Early trade on the Guangzhou market surpassed full-day totals during the launches of the country’s three other carbon exchanges. There were a total of 120,000 permits, known as Guangdong Emissions Allowances, in the first 20 minutes of the trade, all at CNY60 each. China’s other emissions markets each saw around half that volume during their entire debut days.
Guangdong’s carbon programme caps CO2 emissions from 242 of the province’s major power generators and cement, iron and steel producers at 350Mta, with a further 38Mt set aside in reserves for new entrants and potential adjustments. Companies are forced to pay for three per cent of their expected emissions in the first year of the programme, with that share gradually rising in the future.

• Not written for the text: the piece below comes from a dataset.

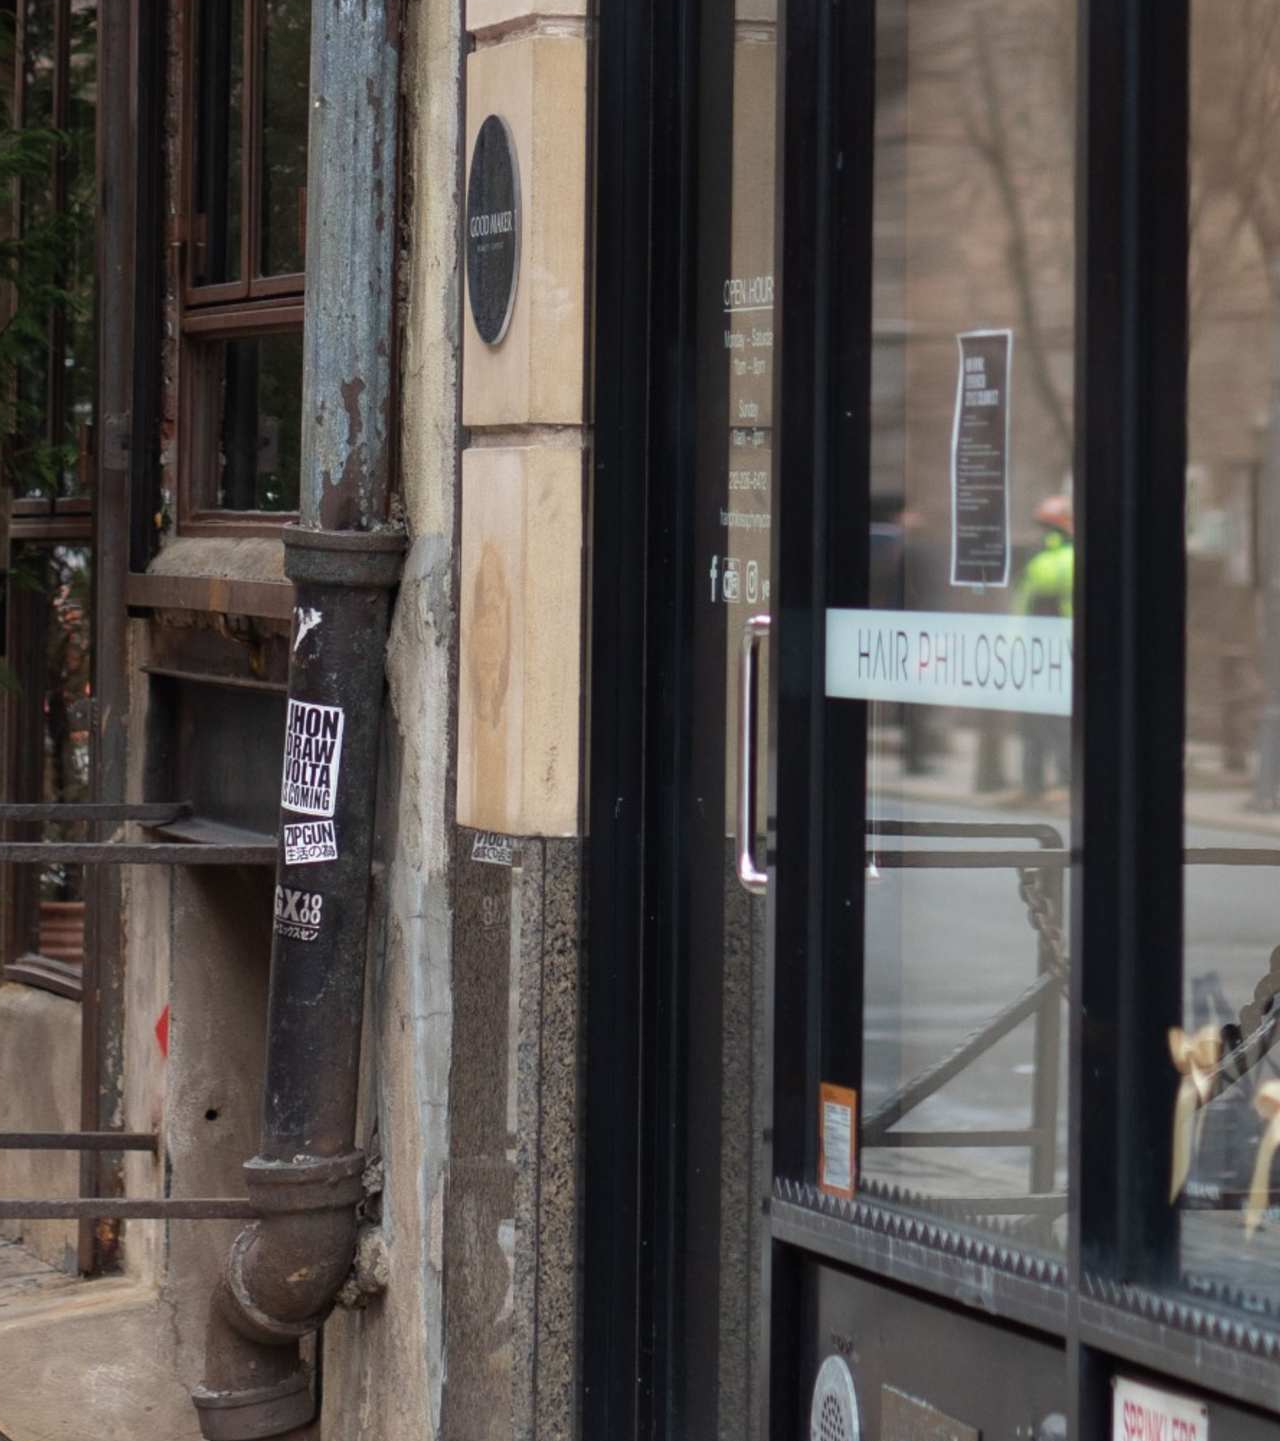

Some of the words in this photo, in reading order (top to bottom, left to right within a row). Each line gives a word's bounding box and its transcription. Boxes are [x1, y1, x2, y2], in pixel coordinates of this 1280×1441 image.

China wants to use markets to achieve its target to cut emissions per unit of gross domestic product to 40-45 per cent below 2005 levels by 2020 at the lowest possible cost.
Beijing, Shanghai and Shenzhen have already opened markets of their own, with Hubei Province and the cities of Chongqing and Tianjin expected to follow in the next few months. Beijing permits trade around CNY50, while in Shanghai they change hands at around CNY25. In Shenzhen, permits currently trade at CNY73.50, with prices pushed up on small volumes by private speculators after the market opened at CNY28 in June. Observers say the varying price levels in the Chinese markets do not necessarily reflect real differences in how scarce permits are.
Some trade experts warned against the risk of price volatility in the longer term. Emissions markets are often very price sensitive in early stages, as seen in markets in Europe, New Zealand and Shenzhen.
“The biggest concern for companies is how to manage volatility risks. That’s more important than who and how much traded today,” said Jeff Huang, China director of the Intercontinental Exchange.
Guangdong is set to become China’s central carbon trading hub in the near term as its number of carbon permits dwarfs the combined volume in Beijing, Shanghai and Shenzhen. Globally, it will trail only the European Union where allowances currently trade at US$6.81.
Guangdong’s provincial government said that it would expand the market to cover five new sectors, including textiles, paper production and metals, although it gave no timeline.